Volume 51, 20186th International Interdisciplinary Scientific Conference SOCIETY. HEALTH. WELFARE (Part II)
|Number of page(s)||11|
|Published online||07 November 2018|
Down syndrome – a challenge for Latvian health care and education system
1 Liepaja Regional Hospital, Latvia
2 Liepaja Children Palliative Care Team, Latvia
3 NGO Dizhvanagi, Latvia
4 Rıga Stradiņš University, Latvia
5 CSCC “Kurzeme” branch “Liepaja”, Latvia
6 Liepaja University, Latvia
* Corresponding author: firstname.lastname@example.org
Down syndrome (DS) is a genetic disorder. From 1997 to 2015, 473 DS patients were born in Latvia. Prenatal diagnosis allows terminating pregnancies with high risk of DS. The aim of our research was to assess the impact of environmental quality (family and extra-familial care) on the child's development, range of services for DS patients, and to identify the optimal early support system. Families and specialists were interviewed to analyze differences between children in families and institutional care clients. State financial support for a DS child in the family is less than to a child in institutional care, and does not provide adequate rehabilitation services. Conclusion: the environment (family/institution, available resources, and rehabilitation services) where the child grows up after the birth, determines both their quality of life and level of independence development. If the somatic problem-solving path is clear, then social integration needs to be improved.

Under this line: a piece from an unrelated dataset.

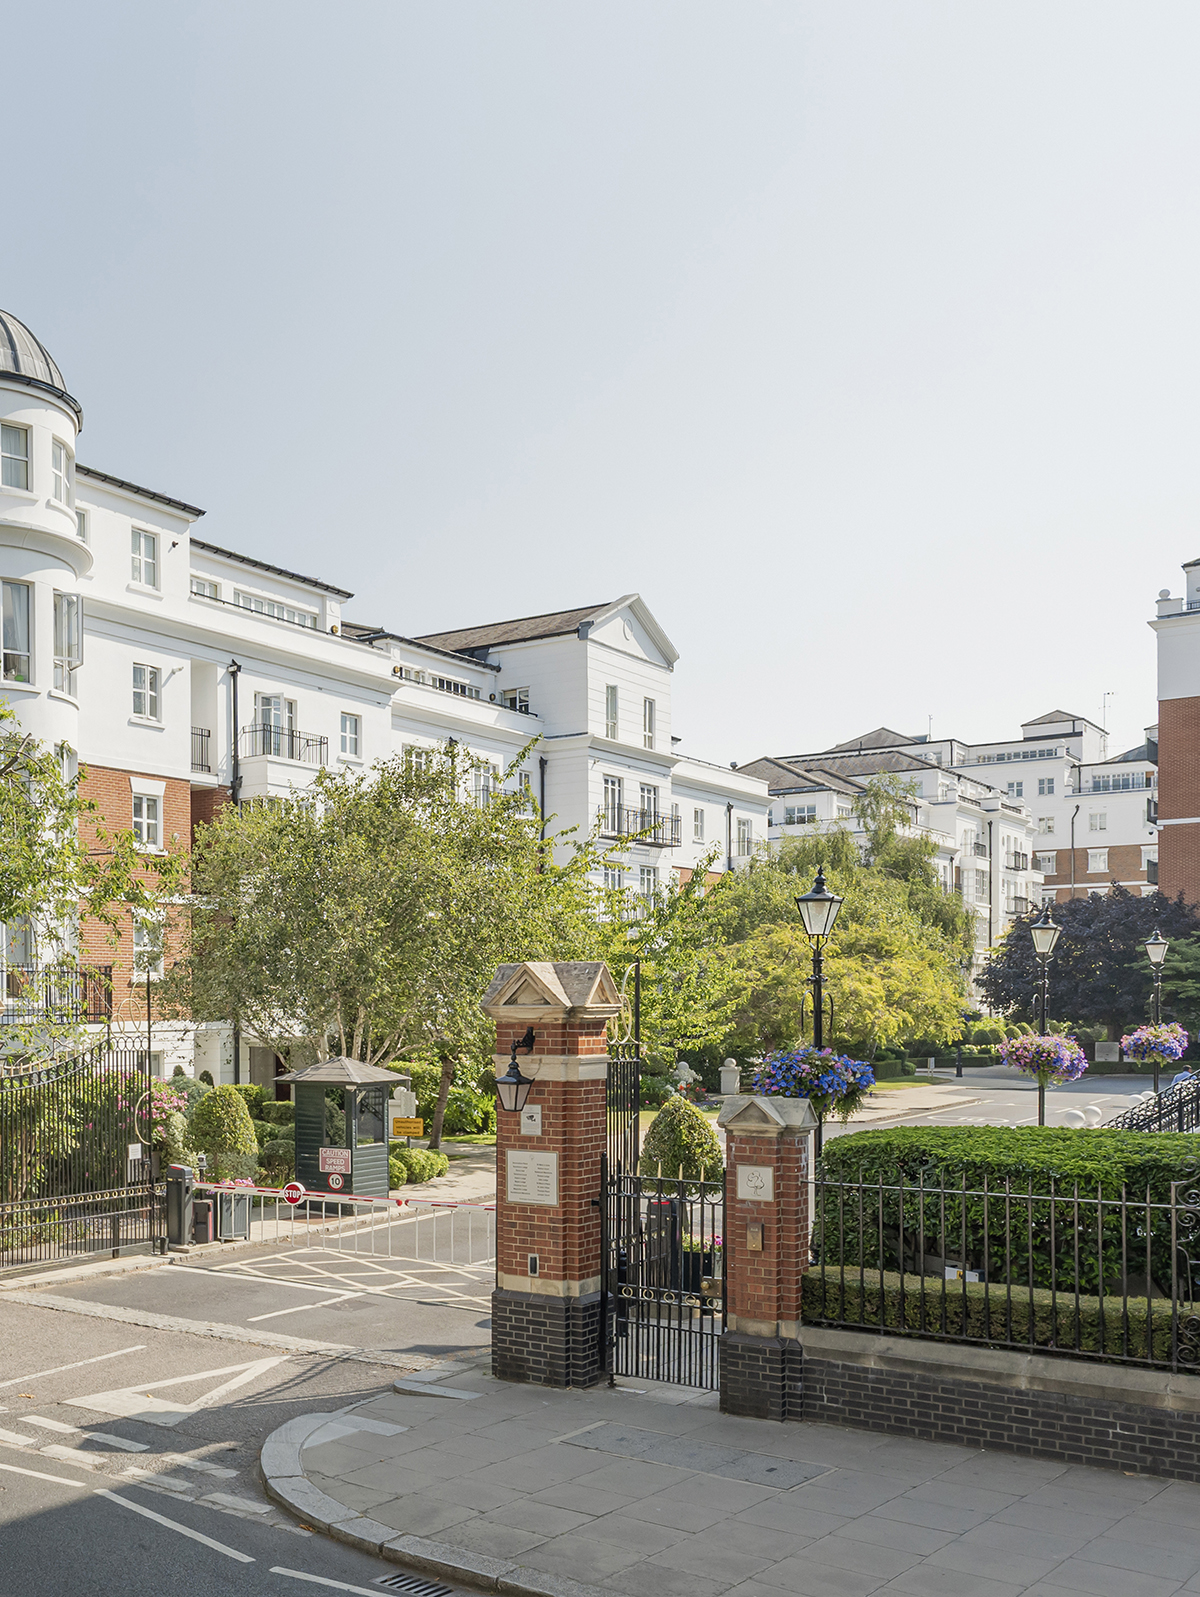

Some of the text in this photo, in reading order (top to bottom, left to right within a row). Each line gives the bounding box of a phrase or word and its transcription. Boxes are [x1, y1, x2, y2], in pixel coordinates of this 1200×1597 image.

Support of inter-professional teams for the families is necessary immediately after the diagnostic statement in order to ensure a more favourable family environment and to reduce the risk of institutionalization. Despite the potentially higher early intensive rehabilitation costs, in the course of time we can predict that it will provide an economic effect on the state and improve the patient and their family's quality of life.
© The Authors, published by EDP Sciences 2018
This is an Open Access article distributed under the terms of the Creative Commons Attribution License (http://creativecommons.org/licenses/by/4.0), which permits unrestricted use, distribution, and reproduction in any medium, provided the original work is properly cited.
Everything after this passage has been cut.